Who has Hemophilia in the Pedigree that is Shown?

The way a trait is inherited is known as the inheritance pattern. The two main inheritance patterns are autosomal dominant and autosomal recessive. In autosomal dominant inheritance, the expression of a gene requires only one copy of the dominant allele. Thus, an affected individual can be either homozygous dominant (DD) or heterozygous (Dd). In autosomal recessive inheritance, both alleles of a gene must be recessive in order for an individual to be affected with the disorder. An affected individual who has the recessive phenotype is said to be homozygous recessive. Carriers who are not affected by the recessive condition but carry a copy of the recessive allele are labeled heterozygous.

Pedigree charts can depict and track these inheritance patterns. A pedigree example will be shown in the following paragraphs about an individual affected with hemophilia.
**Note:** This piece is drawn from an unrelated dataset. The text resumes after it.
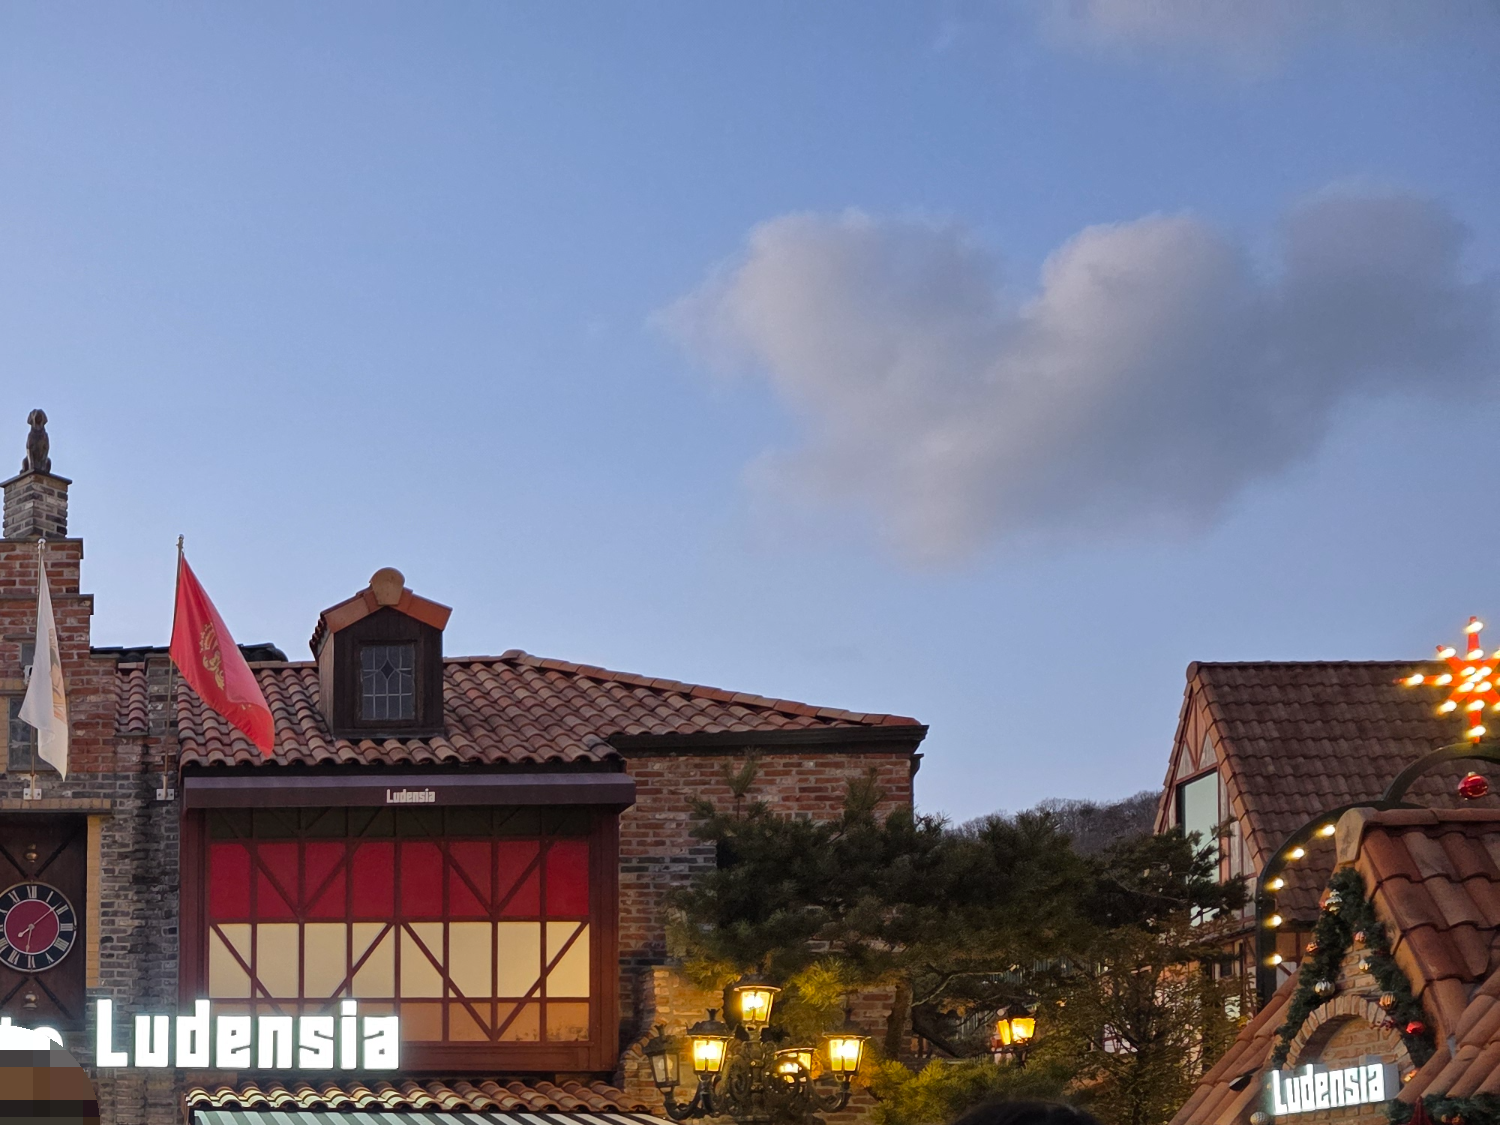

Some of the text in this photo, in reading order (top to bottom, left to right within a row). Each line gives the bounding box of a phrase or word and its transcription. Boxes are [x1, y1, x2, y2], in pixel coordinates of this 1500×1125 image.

[386, 787, 436, 804] Ludensia
[96, 998, 399, 1070] Ludensia
[1271, 1062, 1386, 1116] Ludensia
Hemophilia and Pedigree Charts

Hemophilia has an X-linked recessive inheritance pattern. This means that the gene responsible for the condition is located on the X chromosome. Females have two x chromosomes and are referred to as homozygous dominant (XX) or homozygous recessive (XX) in respect to an x-linked recessive allele. Men only have one x chromosome (and one y) and are classified as either hemizygous recessive (X^hY) or heterozygous (X^HY). Since a male who only has the Y chromosome but no X chromosome and only needs one recessive allele of hemophilia to exhibit the phenotype, this means that males are more often affected by hemophilia. A flowchart that describes the inheritance of X-linked recessive pedigrees will be included below. In hemophilia and other X-linked recessive traits, males who are colorblind are more commonly represented on a pedigree than females who are colorblind.
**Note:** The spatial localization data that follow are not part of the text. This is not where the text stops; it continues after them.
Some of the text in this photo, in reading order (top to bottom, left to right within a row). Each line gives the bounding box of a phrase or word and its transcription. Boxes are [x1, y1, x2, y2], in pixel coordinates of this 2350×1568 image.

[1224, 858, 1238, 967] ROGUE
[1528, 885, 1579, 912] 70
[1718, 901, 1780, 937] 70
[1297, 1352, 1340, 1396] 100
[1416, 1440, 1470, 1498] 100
1. If the father is colorblind and the mother has normal vision, all of the sons will be colorblind, and all the daughters will have normal color vision. All of the daughters will be carriers. For an X-linked recessive allele, normal vision is dominant ( X^H
2. If the father has normal vision and the mother is colorblind, then all the sons will have normal color vision, and all of the daughters will be obligate carriers (have two recessive alleles, one from each parent)
3. If the father is colorblind and the mother is a carrier, then half of the sons will be colorblind, and half of the sons will have normal color, vision and half of the daughters would be homozygous dominant and half will have a recessive allele with normal vision.
4. If the father has normal vision and the mother is a carrier, then half of the sons will have normal while half of the sons will be colorblind while all of the daughters will be carriers.
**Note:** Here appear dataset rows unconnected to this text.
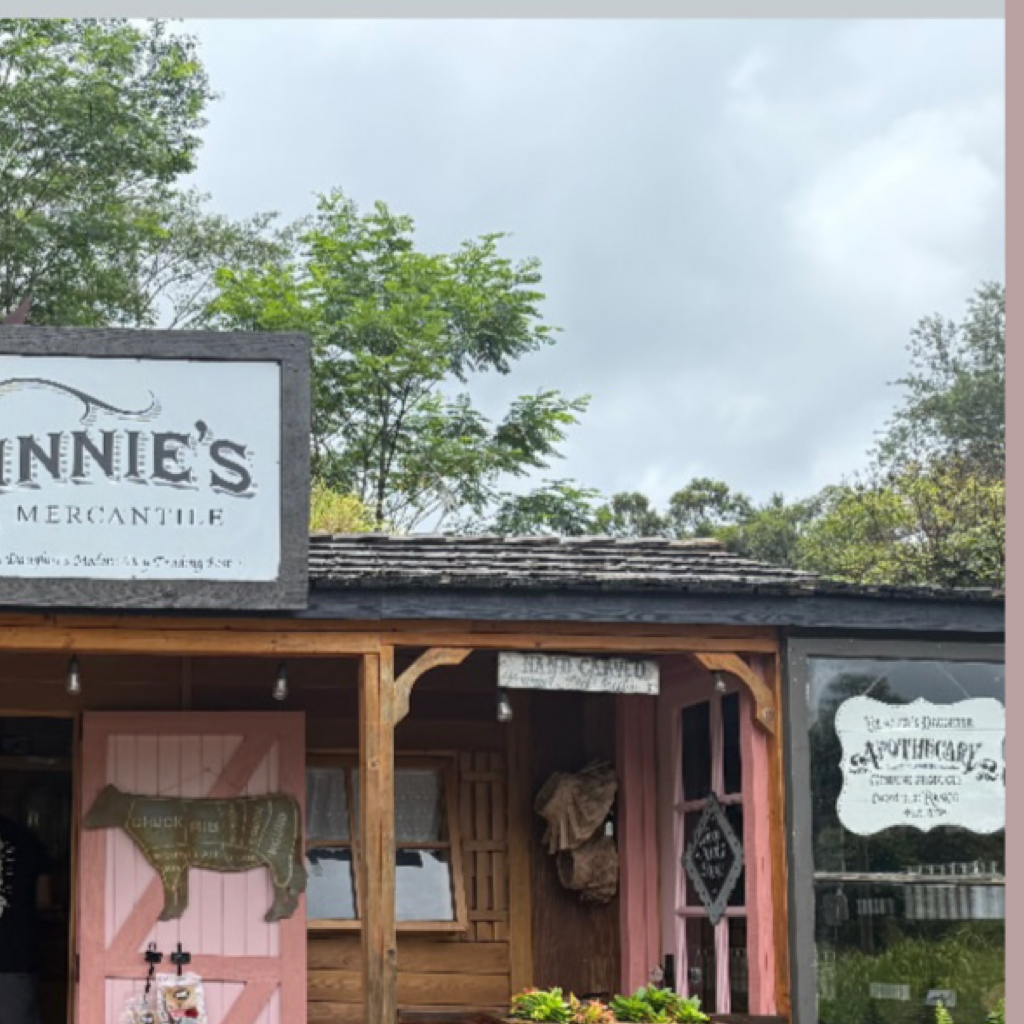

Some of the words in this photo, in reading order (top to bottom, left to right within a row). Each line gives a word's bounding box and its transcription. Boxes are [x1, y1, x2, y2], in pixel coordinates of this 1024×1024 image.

[16, 504, 224, 526] MERCANTILE
[864, 737, 983, 775] APOTHECARY
[132, 814, 183, 828] CHUCK
[189, 819, 220, 833] RIB
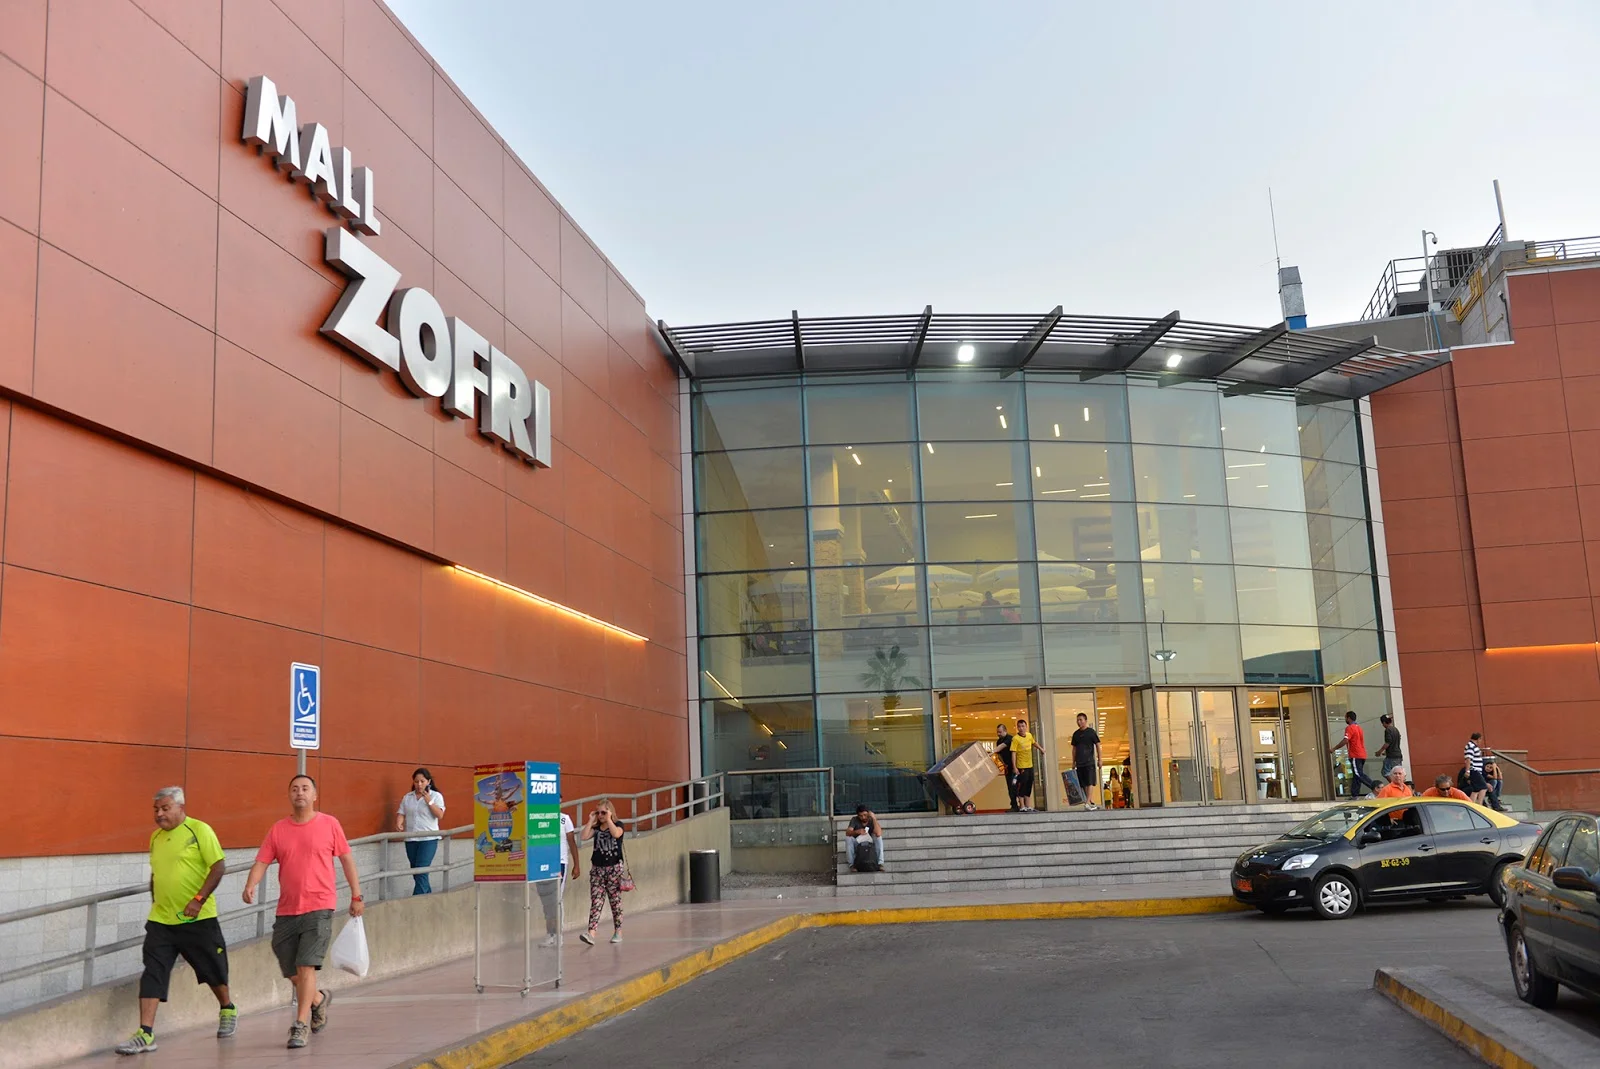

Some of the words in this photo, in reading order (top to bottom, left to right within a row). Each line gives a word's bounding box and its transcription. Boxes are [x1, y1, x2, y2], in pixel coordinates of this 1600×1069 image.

[243, 75, 380, 236] MALL
[320, 226, 552, 469] ZOFRI
[530, 781, 557, 795] ZOFRI
The pedigree below reflects the Punnett square describing the inheritance pattern for an X-linked recessive trait. The male on the pedigree who is colorblind is shaded in.

                         ♀    ♂  
                    X<sup>H</sup>X<sup>H</sup>    X<sup>h</sup>Y
                   /      \    |
                  /        \   | 
               X<sup>H</sup>X<sup>H</sup>   X<sup>H</sup>Y   X<sup>h</sup>Y 

Tips and Expert Advice

If you are concerned that you or someone in your family may have hemophilia, several things you can do include:

• Talk to your doctor. They can help you get a diagnosis and discuss treatment options.
• Join a support group. This can help you connect with other people who have hemophilia and learn more about the condition.
• Educate yourself about hemophilia. The more you know about the condition, the better you can manage it.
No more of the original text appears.